**** Records provided

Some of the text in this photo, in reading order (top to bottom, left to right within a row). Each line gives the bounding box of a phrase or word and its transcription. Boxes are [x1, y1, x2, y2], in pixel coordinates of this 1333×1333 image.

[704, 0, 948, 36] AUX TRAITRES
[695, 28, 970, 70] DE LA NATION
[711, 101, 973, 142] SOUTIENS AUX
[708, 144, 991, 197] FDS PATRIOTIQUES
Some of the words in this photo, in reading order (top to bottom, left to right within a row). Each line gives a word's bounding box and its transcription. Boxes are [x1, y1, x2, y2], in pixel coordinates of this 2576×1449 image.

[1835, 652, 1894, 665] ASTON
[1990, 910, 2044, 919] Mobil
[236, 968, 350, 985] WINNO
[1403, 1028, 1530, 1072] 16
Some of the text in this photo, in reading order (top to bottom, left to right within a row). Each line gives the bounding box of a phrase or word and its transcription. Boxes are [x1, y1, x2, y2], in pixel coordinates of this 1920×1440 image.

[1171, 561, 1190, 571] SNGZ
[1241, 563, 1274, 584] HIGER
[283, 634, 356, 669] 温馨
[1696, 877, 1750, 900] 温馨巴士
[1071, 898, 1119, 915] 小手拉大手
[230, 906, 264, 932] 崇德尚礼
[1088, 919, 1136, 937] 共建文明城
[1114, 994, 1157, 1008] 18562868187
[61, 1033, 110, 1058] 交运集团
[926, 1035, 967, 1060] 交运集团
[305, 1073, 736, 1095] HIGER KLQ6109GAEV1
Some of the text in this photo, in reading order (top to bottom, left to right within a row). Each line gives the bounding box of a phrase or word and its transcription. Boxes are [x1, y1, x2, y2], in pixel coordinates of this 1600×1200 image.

********

_Brief:_ Every record is to be retyped exactly as given.

_Answer section:_
Some of the text in this photo, in reading order (top to bottom, left to right within a row). Each line gives the bounding box of a phrase or word and its transcription. Boxes are [x1, y1, x2, y2], in pixel coordinates of this 1333×1333 image.

[704, 0, 948, 36] AUX TRAITRES
[695, 28, 970, 70] DE LA NATION
[711, 101, 973, 142] SOUTIENS AUX
[708, 144, 991, 197] FDS PATRIOTIQUES
Some of the words in this photo, in reading order (top to bottom, left to right within a row). Each line gives a word's bounding box and its transcription. Boxes are [x1, y1, x2, y2], in pixel coordinates of this 2576×1449 image.

[1835, 652, 1894, 665] ASTON
[1990, 910, 2044, 919] Mobil
[236, 968, 350, 985] WINNO
[1403, 1028, 1530, 1072] 16
Some of the text in this photo, in reading order (top to bottom, left to right within a row). Each line gives the bounding box of a phrase or word and its transcription. Boxes are [x1, y1, x2, y2], in pixel coordinates of this 1920×1440 image.

[1171, 561, 1190, 571] SNGZ
[1241, 563, 1274, 584] HIGER
[283, 634, 356, 669] 温馨
[1696, 877, 1750, 900] 温馨巴士
[1071, 898, 1119, 915] 小手拉大手
[230, 906, 264, 932] 崇德尚礼
[1088, 919, 1136, 937] 共建文明城
[1114, 994, 1157, 1008] 18562868187
[61, 1033, 110, 1058] 交运集团
[926, 1035, 967, 1060] 交运集团
[305, 1073, 736, 1095] HIGER KLQ6109GAEV1
Some of the text in this photo, in reading order (top to bottom, left to right within a row). Each line gives the bounding box of a phrase or word and its transcription. Boxes are [x1, y1, x2, y2], in pixel coordinates of this 1600×1200 image.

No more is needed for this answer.